● **Try it**: Give back each line of the data exactly as it reads, minus the pictures.

● **Collected data entries**:
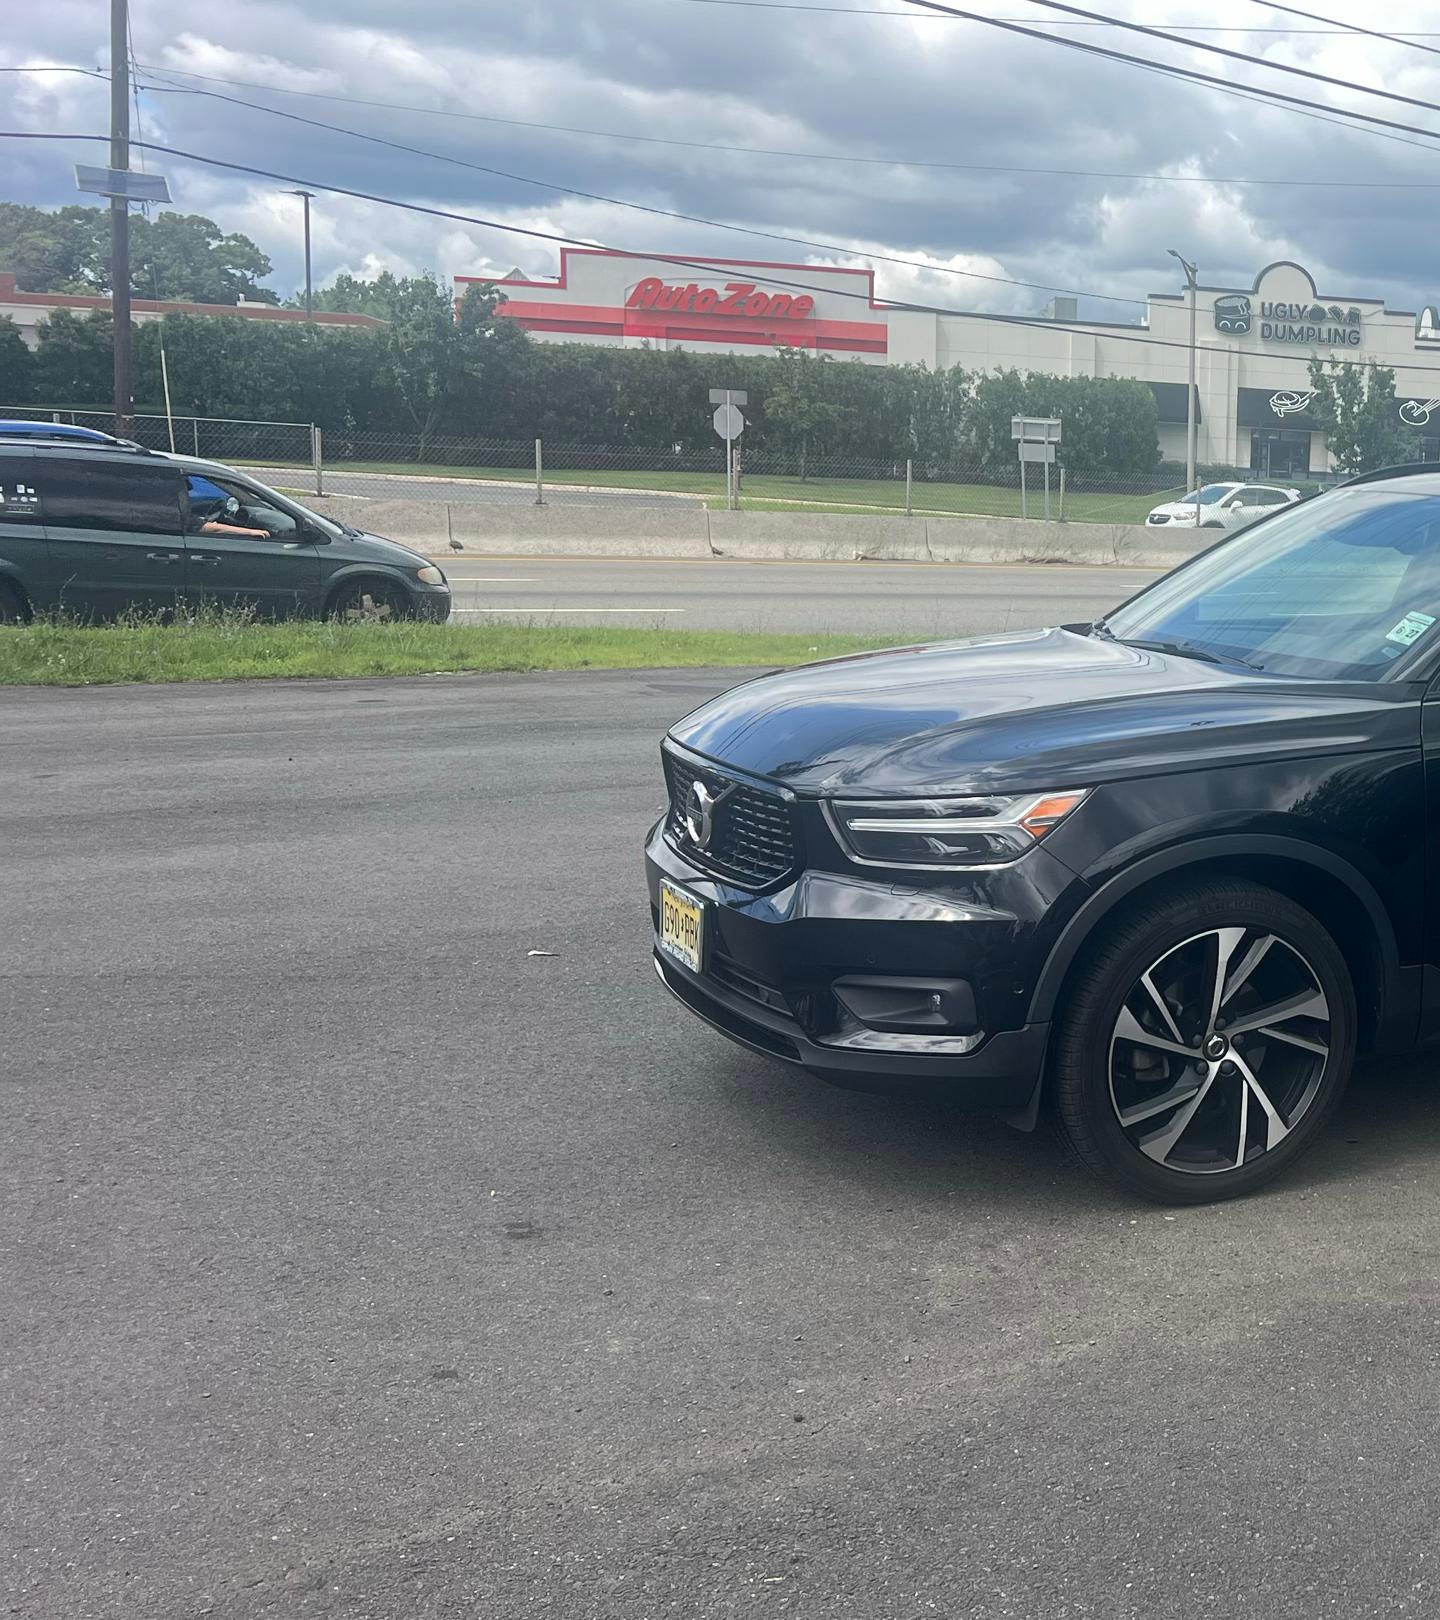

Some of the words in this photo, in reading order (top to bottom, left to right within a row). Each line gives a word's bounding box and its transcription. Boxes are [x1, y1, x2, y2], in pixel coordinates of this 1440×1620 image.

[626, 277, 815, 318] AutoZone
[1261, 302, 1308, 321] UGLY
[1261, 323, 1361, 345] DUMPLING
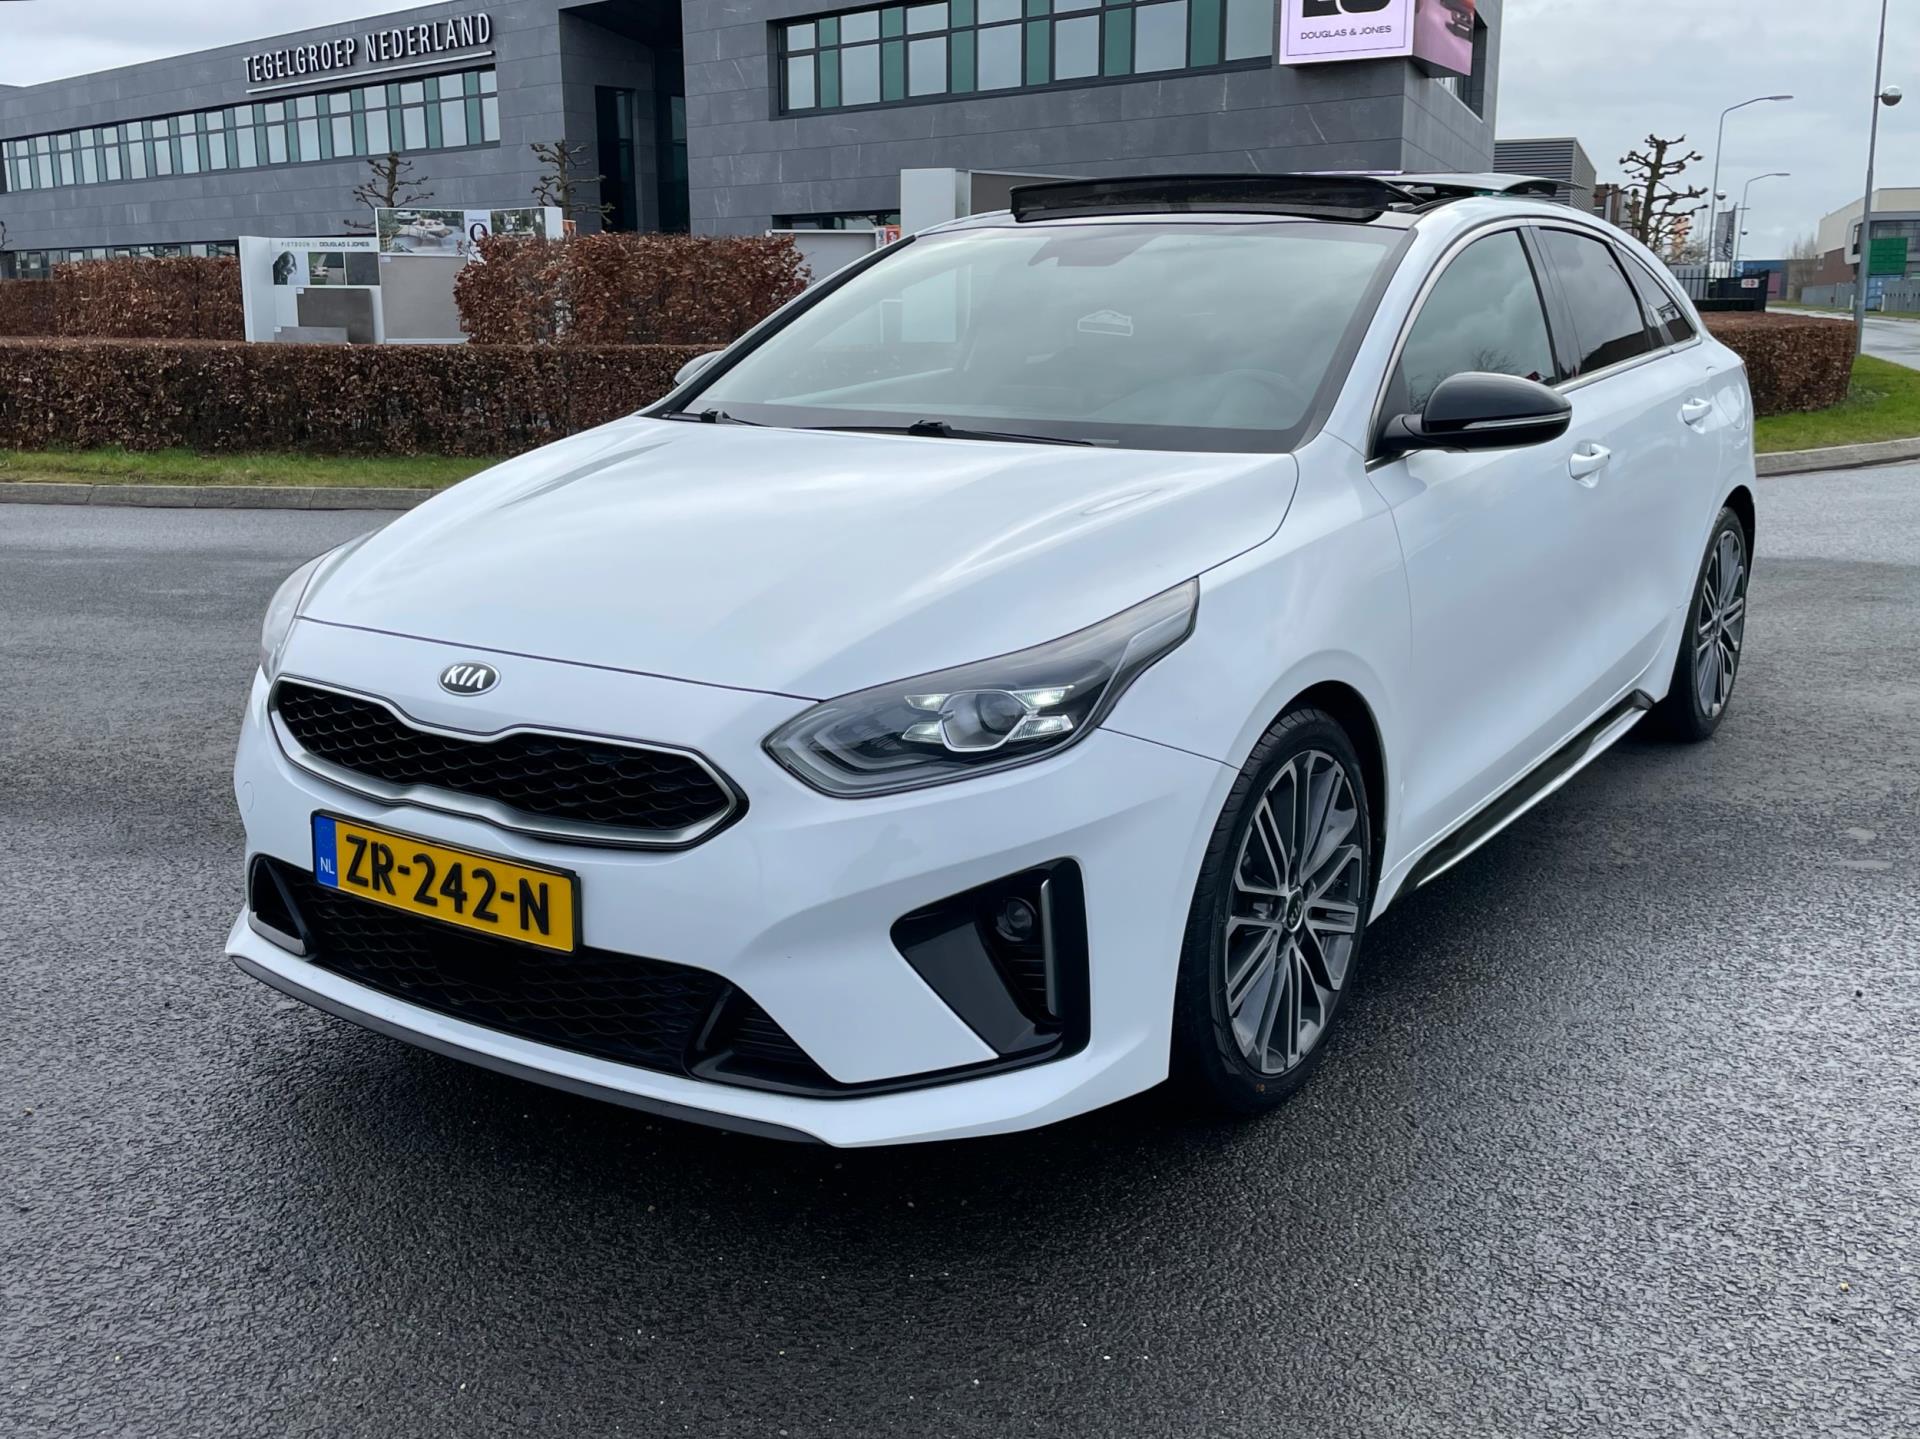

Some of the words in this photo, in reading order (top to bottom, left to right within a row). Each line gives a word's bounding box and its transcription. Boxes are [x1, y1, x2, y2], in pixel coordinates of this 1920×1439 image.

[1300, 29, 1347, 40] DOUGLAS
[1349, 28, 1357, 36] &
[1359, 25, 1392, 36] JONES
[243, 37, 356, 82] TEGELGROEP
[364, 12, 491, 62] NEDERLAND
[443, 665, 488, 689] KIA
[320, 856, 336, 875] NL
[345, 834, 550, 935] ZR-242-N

● **Solution to this task**:
Some of the words in this photo, in reading order (top to bottom, left to right within a row). Each line gives a word's bounding box and its transcription. Boxes are [x1, y1, x2, y2], in pixel coordinates of this 1440×1620 image.

[626, 277, 815, 318] AutoZone
[1261, 302, 1308, 321] UGLY
[1261, 323, 1361, 345] DUMPLING

Some of the words in this photo, in reading order (top to bottom, left to right within a row). Each line gives a word's bounding box and its transcription. Boxes are [x1, y1, x2, y2], in pixel coordinates of this 1920×1439 image.

[1300, 29, 1347, 40] DOUGLAS
[1349, 28, 1357, 36] &
[1359, 25, 1392, 36] JONES
[243, 37, 356, 82] TEGELGROEP
[364, 12, 491, 62] NEDERLAND
[443, 665, 488, 689] KIA
[320, 856, 336, 875] NL
[345, 834, 550, 935] ZR-242-N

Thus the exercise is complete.